__Task details__
What is needed is an exact copy of the records, with the images left out.

__The data__

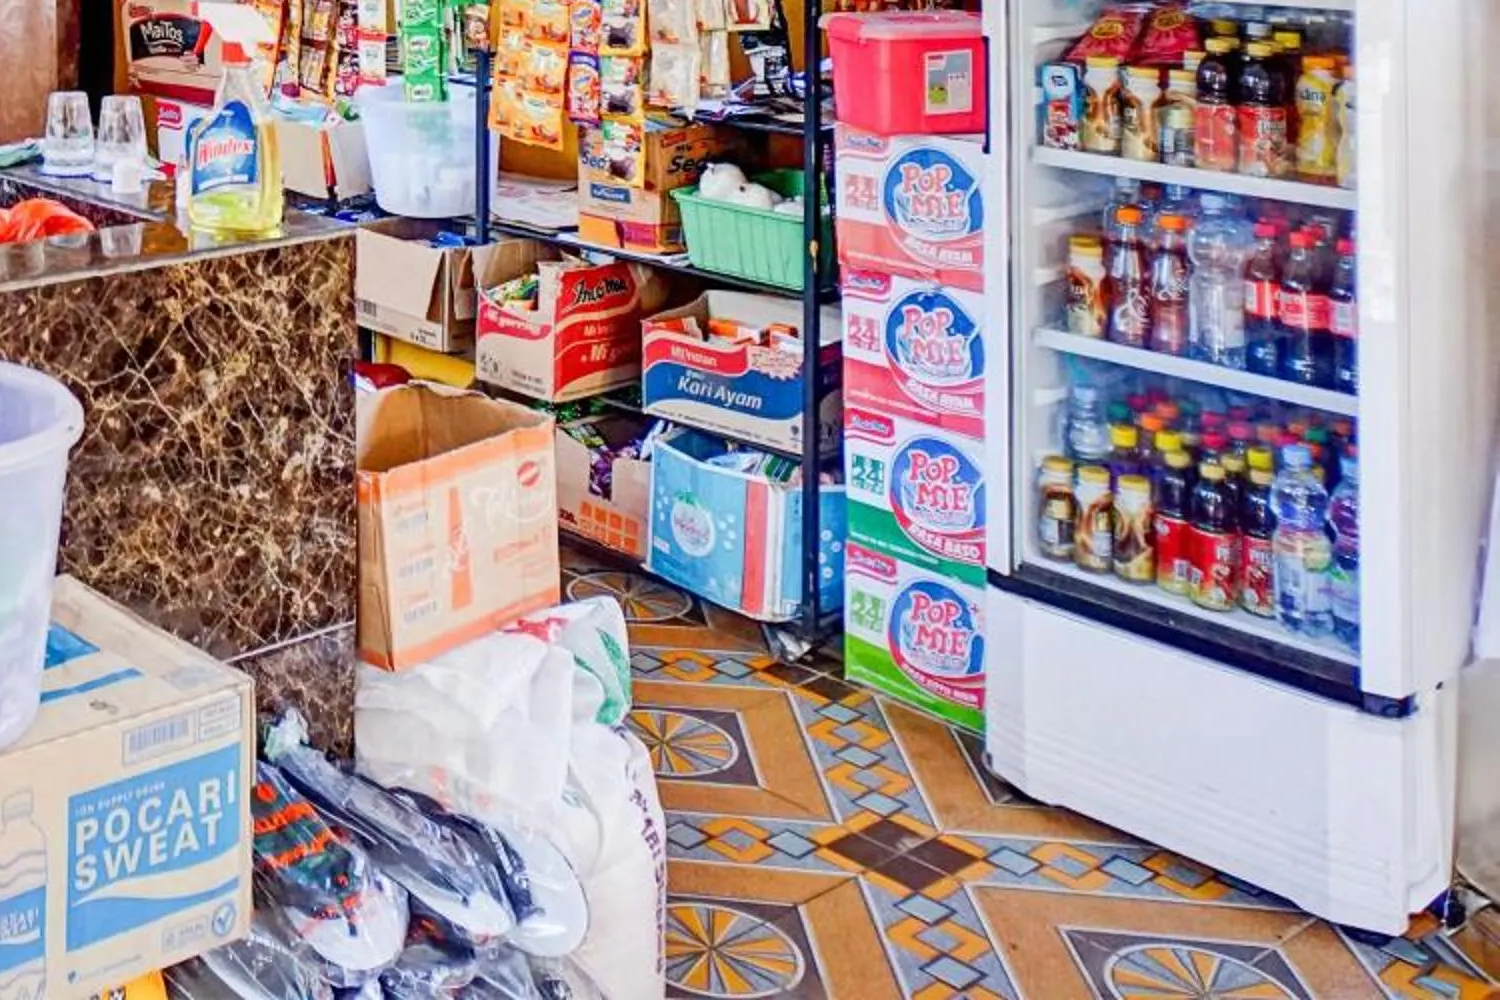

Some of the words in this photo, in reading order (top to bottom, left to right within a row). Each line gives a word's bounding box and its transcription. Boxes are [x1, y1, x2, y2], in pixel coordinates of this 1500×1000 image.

[901, 164, 953, 194] POP
[911, 192, 966, 219] MIE
[902, 306, 954, 338] POP
[912, 337, 965, 366] MIE
[677, 375, 713, 400] Kari
[713, 385, 764, 412] Ayam
[908, 451, 959, 484] POP
[915, 483, 970, 512] MIE
[911, 592, 961, 625] POP
[914, 625, 968, 657] MIE
[74, 768, 236, 858] POCARI
[74, 811, 223, 892] SWEAT

__Response area__
Some of the words in this photo, in reading order (top to bottom, left to right within a row). Each line gives a word's bounding box and its transcription. Boxes are [x1, y1, x2, y2], in pixel coordinates of this 1500×1000 image.

[901, 164, 953, 194] POP
[911, 192, 966, 219] MIE
[902, 306, 954, 338] POP
[912, 337, 965, 366] MIE
[677, 375, 713, 400] Kari
[713, 385, 764, 412] Ayam
[908, 451, 959, 484] POP
[915, 483, 970, 512] MIE
[911, 592, 961, 625] POP
[914, 625, 968, 657] MIE
[74, 768, 236, 858] POCARI
[74, 811, 223, 892] SWEAT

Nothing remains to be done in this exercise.